EXERCISE BRIEF —
Each entry must be reproduced precisely as it stands.

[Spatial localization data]
-.-.-
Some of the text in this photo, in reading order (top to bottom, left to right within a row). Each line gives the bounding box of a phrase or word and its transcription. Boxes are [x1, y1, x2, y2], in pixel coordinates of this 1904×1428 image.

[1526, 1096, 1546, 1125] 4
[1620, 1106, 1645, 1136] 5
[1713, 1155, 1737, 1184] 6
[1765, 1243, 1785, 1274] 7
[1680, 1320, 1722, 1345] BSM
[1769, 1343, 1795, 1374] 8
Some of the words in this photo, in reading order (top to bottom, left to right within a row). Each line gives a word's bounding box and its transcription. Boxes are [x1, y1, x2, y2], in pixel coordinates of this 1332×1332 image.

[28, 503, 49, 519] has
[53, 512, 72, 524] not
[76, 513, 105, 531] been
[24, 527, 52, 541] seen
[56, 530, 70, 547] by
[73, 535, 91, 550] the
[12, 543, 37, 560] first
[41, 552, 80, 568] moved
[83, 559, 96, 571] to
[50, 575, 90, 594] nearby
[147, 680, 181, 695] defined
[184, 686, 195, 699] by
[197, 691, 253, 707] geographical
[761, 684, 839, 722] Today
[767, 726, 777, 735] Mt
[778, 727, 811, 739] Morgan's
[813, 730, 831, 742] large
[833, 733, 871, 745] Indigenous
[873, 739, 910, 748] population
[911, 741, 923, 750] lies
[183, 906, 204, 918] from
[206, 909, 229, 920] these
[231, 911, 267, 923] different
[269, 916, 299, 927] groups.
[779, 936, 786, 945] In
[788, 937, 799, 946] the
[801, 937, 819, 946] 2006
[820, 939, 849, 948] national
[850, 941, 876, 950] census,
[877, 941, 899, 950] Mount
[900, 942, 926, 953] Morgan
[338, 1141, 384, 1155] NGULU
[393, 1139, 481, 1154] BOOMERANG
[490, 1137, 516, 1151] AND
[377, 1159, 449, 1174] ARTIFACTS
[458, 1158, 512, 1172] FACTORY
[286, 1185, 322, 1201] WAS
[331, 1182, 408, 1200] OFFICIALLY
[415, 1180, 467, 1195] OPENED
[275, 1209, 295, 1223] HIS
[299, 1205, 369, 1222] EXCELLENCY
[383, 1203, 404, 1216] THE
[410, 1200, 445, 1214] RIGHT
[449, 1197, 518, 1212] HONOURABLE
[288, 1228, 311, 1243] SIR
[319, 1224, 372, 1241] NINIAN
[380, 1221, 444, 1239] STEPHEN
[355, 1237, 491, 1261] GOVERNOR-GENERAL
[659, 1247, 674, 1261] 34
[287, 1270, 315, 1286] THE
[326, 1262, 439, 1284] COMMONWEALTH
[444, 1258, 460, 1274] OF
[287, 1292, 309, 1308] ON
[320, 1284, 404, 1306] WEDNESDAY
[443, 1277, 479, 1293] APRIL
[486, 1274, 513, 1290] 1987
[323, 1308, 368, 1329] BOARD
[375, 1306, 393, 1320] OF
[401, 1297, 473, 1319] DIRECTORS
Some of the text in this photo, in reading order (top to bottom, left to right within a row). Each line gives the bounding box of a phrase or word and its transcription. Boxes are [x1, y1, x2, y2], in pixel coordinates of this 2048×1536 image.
-.-.-
WRITTEN RESPONSE —
Some of the text in this photo, in reading order (top to bottom, left to right within a row). Each line gives the bounding box of a phrase or word and its transcription. Boxes are [x1, y1, x2, y2], in pixel coordinates of this 1904×1428 image.

[1526, 1096, 1546, 1125] 4
[1620, 1106, 1645, 1136] 5
[1713, 1155, 1737, 1184] 6
[1765, 1243, 1785, 1274] 7
[1680, 1320, 1722, 1345] BSM
[1769, 1343, 1795, 1374] 8
Some of the words in this photo, in reading order (top to bottom, left to right within a row). Each line gives a word's bounding box and its transcription. Boxes are [x1, y1, x2, y2], in pixel coordinates of this 1332×1332 image.

[28, 503, 49, 519] has
[53, 512, 72, 524] not
[76, 513, 105, 531] been
[24, 527, 52, 541] seen
[56, 530, 70, 547] by
[73, 535, 91, 550] the
[12, 543, 37, 560] first
[41, 552, 80, 568] moved
[83, 559, 96, 571] to
[50, 575, 90, 594] nearby
[147, 680, 181, 695] defined
[184, 686, 195, 699] by
[197, 691, 253, 707] geographical
[761, 684, 839, 722] Today
[767, 726, 777, 735] Mt
[778, 727, 811, 739] Morgan's
[813, 730, 831, 742] large
[833, 733, 871, 745] Indigenous
[873, 739, 910, 748] population
[911, 741, 923, 750] lies
[183, 906, 204, 918] from
[206, 909, 229, 920] these
[231, 911, 267, 923] different
[269, 916, 299, 927] groups.
[779, 936, 786, 945] In
[788, 937, 799, 946] the
[801, 937, 819, 946] 2006
[820, 939, 849, 948] national
[850, 941, 876, 950] census,
[877, 941, 899, 950] Mount
[900, 942, 926, 953] Morgan
[338, 1141, 384, 1155] NGULU
[393, 1139, 481, 1154] BOOMERANG
[490, 1137, 516, 1151] AND
[377, 1159, 449, 1174] ARTIFACTS
[458, 1158, 512, 1172] FACTORY
[286, 1185, 322, 1201] WAS
[331, 1182, 408, 1200] OFFICIALLY
[415, 1180, 467, 1195] OPENED
[275, 1209, 295, 1223] HIS
[299, 1205, 369, 1222] EXCELLENCY
[383, 1203, 404, 1216] THE
[410, 1200, 445, 1214] RIGHT
[449, 1197, 518, 1212] HONOURABLE
[288, 1228, 311, 1243] SIR
[319, 1224, 372, 1241] NINIAN
[380, 1221, 444, 1239] STEPHEN
[355, 1237, 491, 1261] GOVERNOR-GENERAL
[659, 1247, 674, 1261] 34
[287, 1270, 315, 1286] THE
[326, 1262, 439, 1284] COMMONWEALTH
[444, 1258, 460, 1274] OF
[287, 1292, 309, 1308] ON
[320, 1284, 404, 1306] WEDNESDAY
[443, 1277, 479, 1293] APRIL
[486, 1274, 513, 1290] 1987
[323, 1308, 368, 1329] BOARD
[375, 1306, 393, 1320] OF
[401, 1297, 473, 1319] DIRECTORS
Some of the text in this photo, in reading order (top to bottom, left to right within a row). Each line gives the bounding box of a phrase or word and its transcription. Boxes are [x1, y1, x2, y2], in pixel coordinates of this 2048×1536 image.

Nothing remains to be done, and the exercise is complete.